● **Brief**:
Nothing should appear in the answer except the lines from the one with "this 1282×1283 image." through the end of the listing below, transcribed exactly and without pictures.

Segment Start: Task data

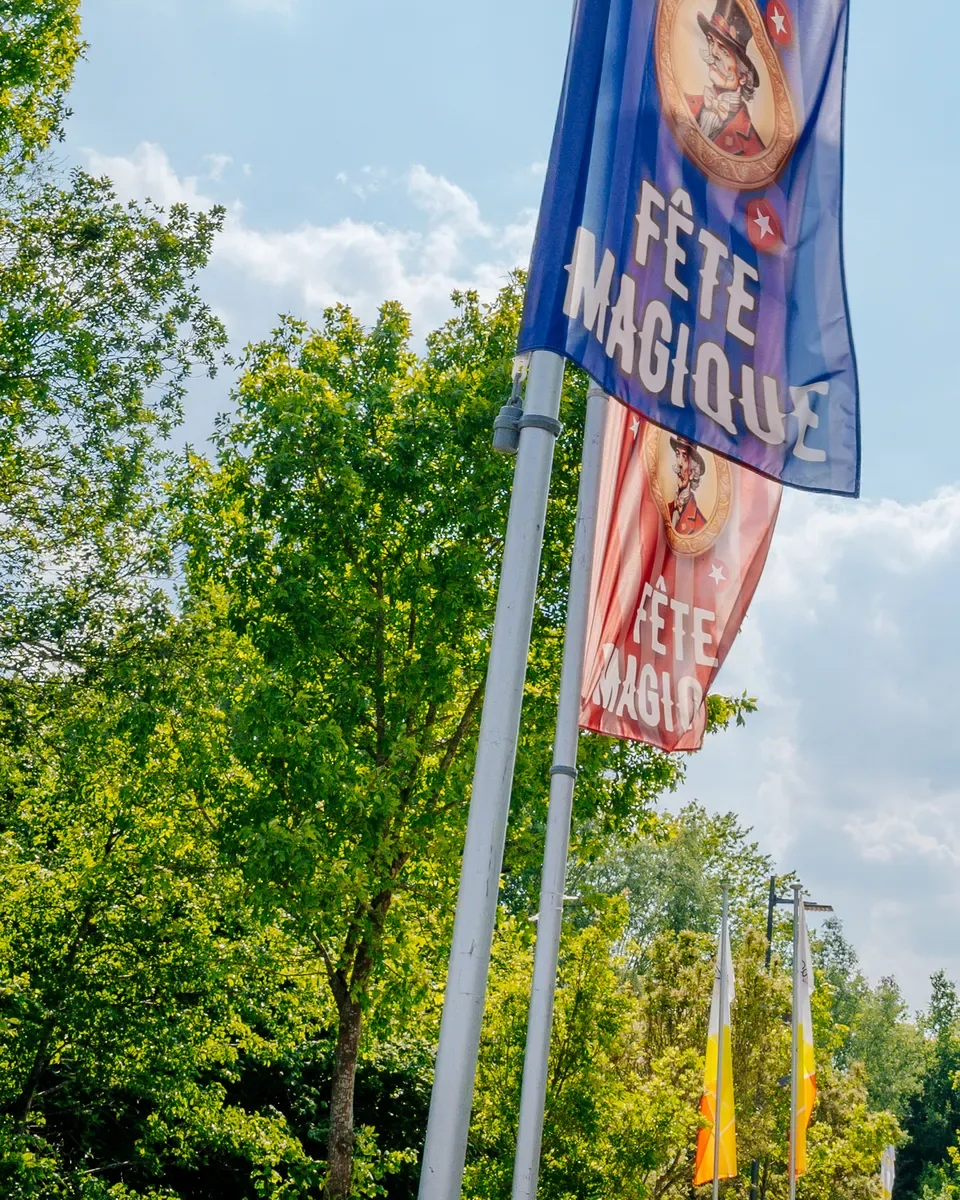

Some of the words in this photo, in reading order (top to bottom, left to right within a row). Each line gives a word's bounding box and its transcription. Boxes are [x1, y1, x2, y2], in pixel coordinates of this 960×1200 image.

[562, 226, 829, 462] MAGIQUE
[635, 179, 760, 347] FÊTE
[633, 575, 719, 668] FÊTE
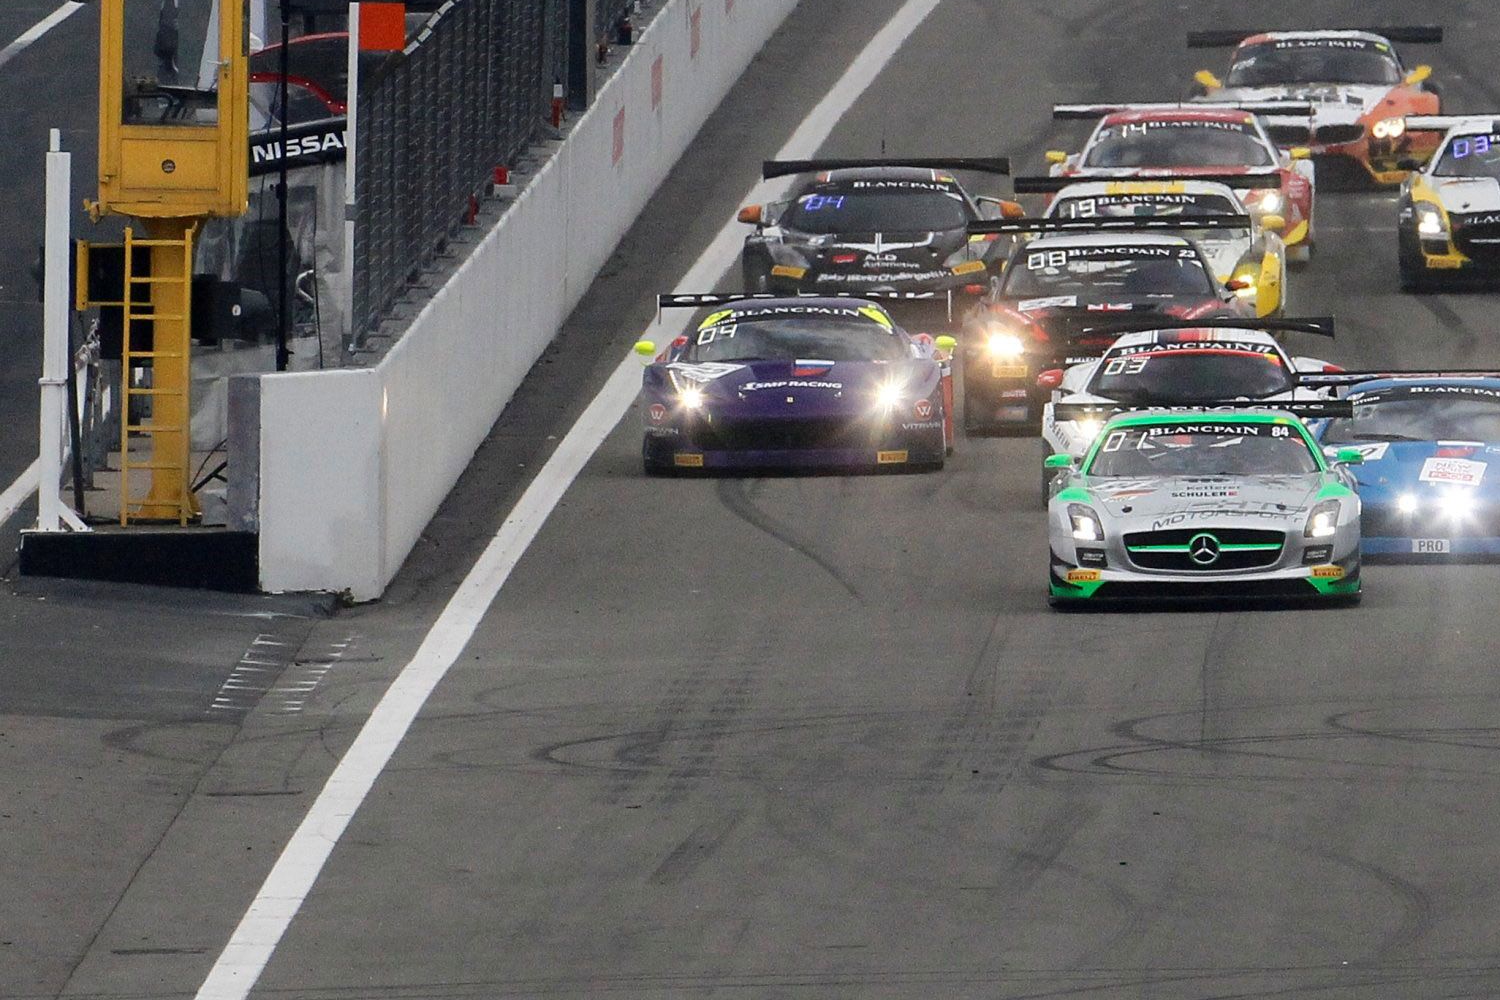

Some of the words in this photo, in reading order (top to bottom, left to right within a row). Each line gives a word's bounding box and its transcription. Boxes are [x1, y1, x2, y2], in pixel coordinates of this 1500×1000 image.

[1149, 121, 1243, 131] BLANCPAIN
[252, 130, 347, 163] NISSA
[1453, 136, 1489, 158] 03
[853, 181, 950, 191] BLANCPAIN
[1069, 199, 1096, 219] 19
[1097, 195, 1196, 205] BLANCPAIN
[865, 253, 897, 262] ALD
[1028, 251, 1067, 270] 08
[1069, 248, 1171, 259] BLANCPAIN
[1178, 249, 1196, 259] 23
[730, 307, 860, 319] BLANCPAIN
[697, 324, 738, 346] 04
[1120, 339, 1254, 356] BLANCPAIN
[1104, 357, 1148, 376] 03
[756, 381, 786, 389] SMP
[788, 380, 842, 389] RACING
[1150, 424, 1259, 437] BLANCPAIN
[1271, 426, 1290, 437] 84
[1418, 540, 1444, 552] PRO
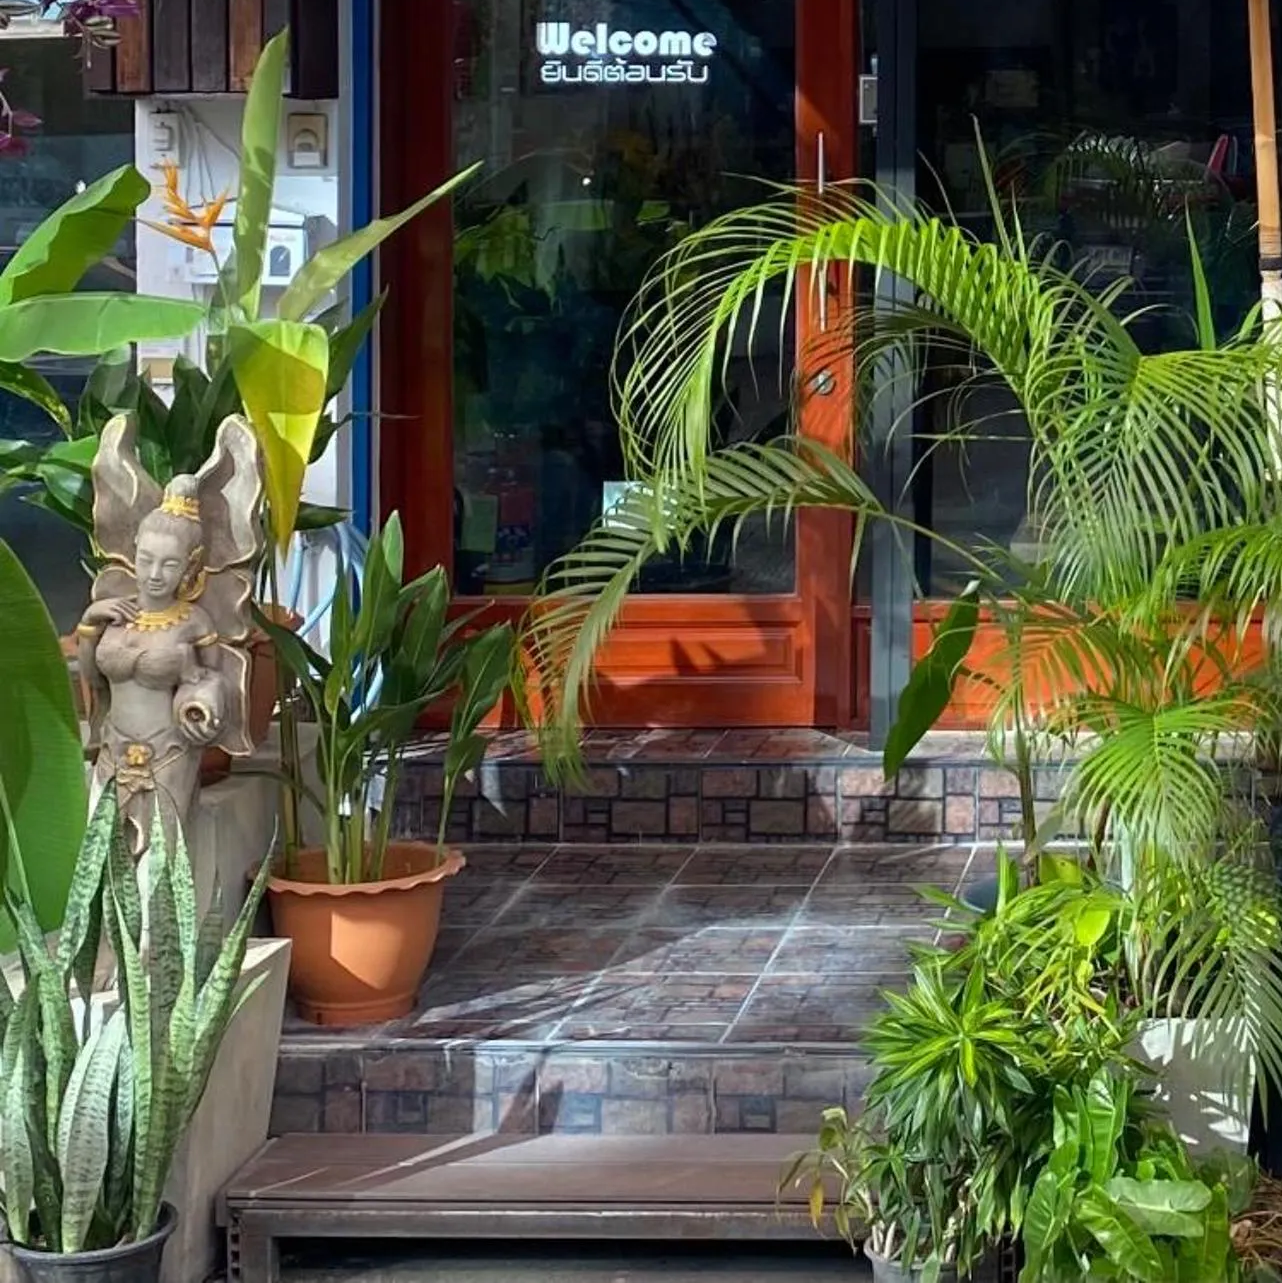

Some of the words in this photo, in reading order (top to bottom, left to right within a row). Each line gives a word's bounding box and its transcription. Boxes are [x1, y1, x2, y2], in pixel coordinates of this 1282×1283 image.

[536, 22, 718, 57] Welcome
[540, 57, 709, 83] ยินดีต้อนรับ
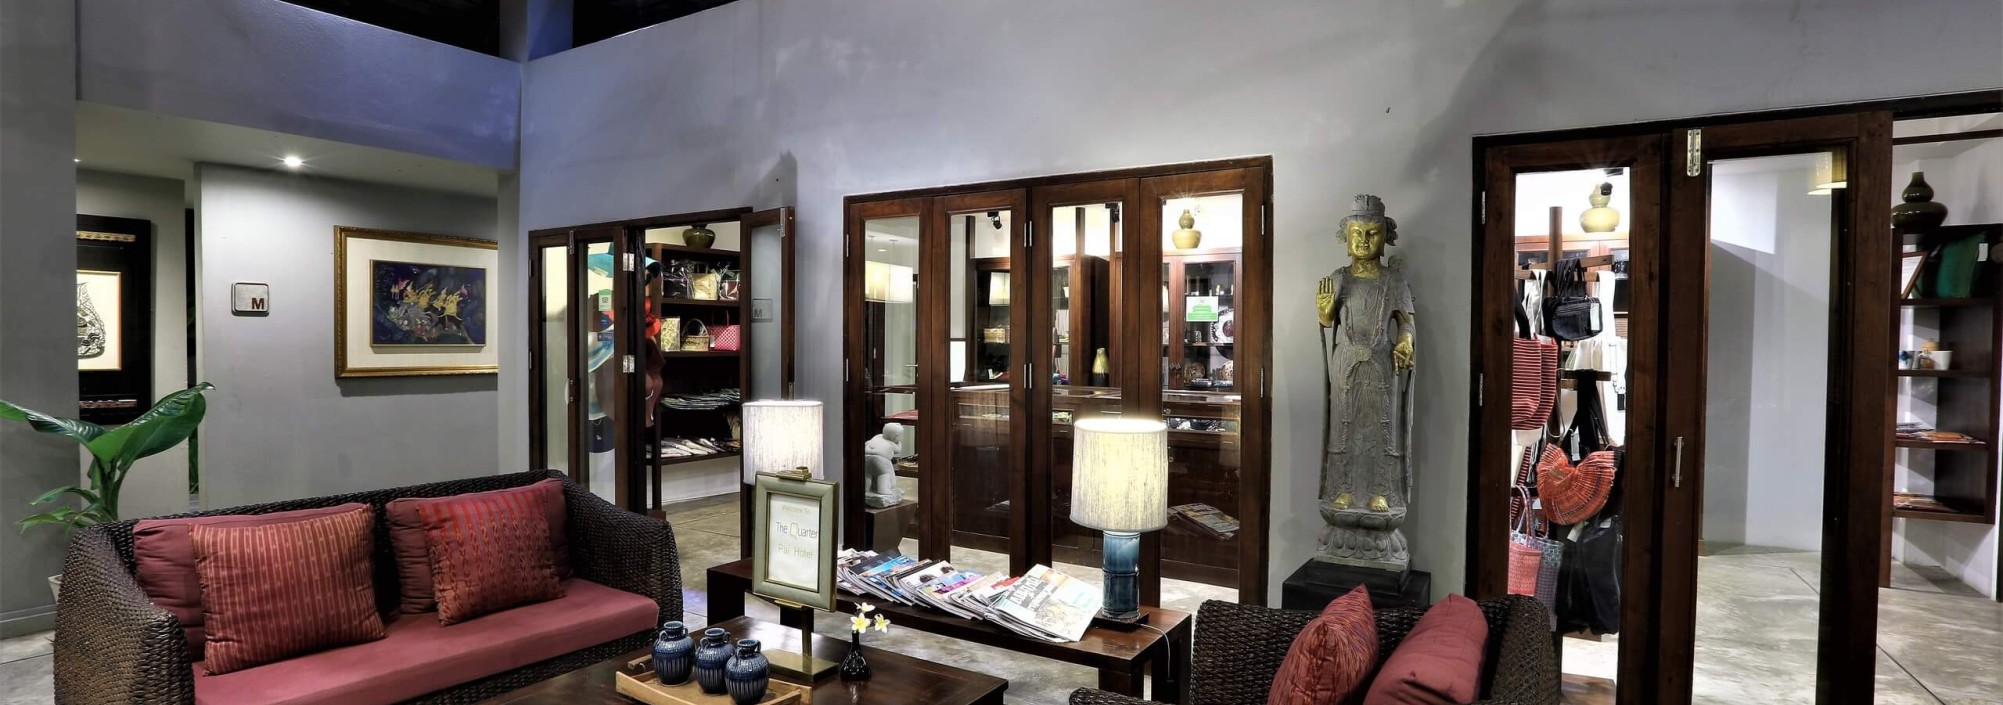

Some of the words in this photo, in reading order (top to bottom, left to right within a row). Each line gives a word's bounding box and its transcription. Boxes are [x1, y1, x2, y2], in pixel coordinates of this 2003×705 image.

Segment End: Task data

● **Written response**:
Some of the words in this photo, in reading order (top to bottom, left to right within a row). Each line gives a word's bounding box and its transcription. Boxes are [x1, y1, x2, y2], in pixel coordinates of this 1282×1283 image.

[536, 22, 718, 57] Welcome
[540, 57, 709, 83] ยินดีต้อนรับ

Some of the words in this photo, in reading order (top to bottom, left to right within a row). Each line gives a word's bounding box and its transcription. Boxes are [x1, y1, x2, y2], in pixel coordinates of this 2003×705 image.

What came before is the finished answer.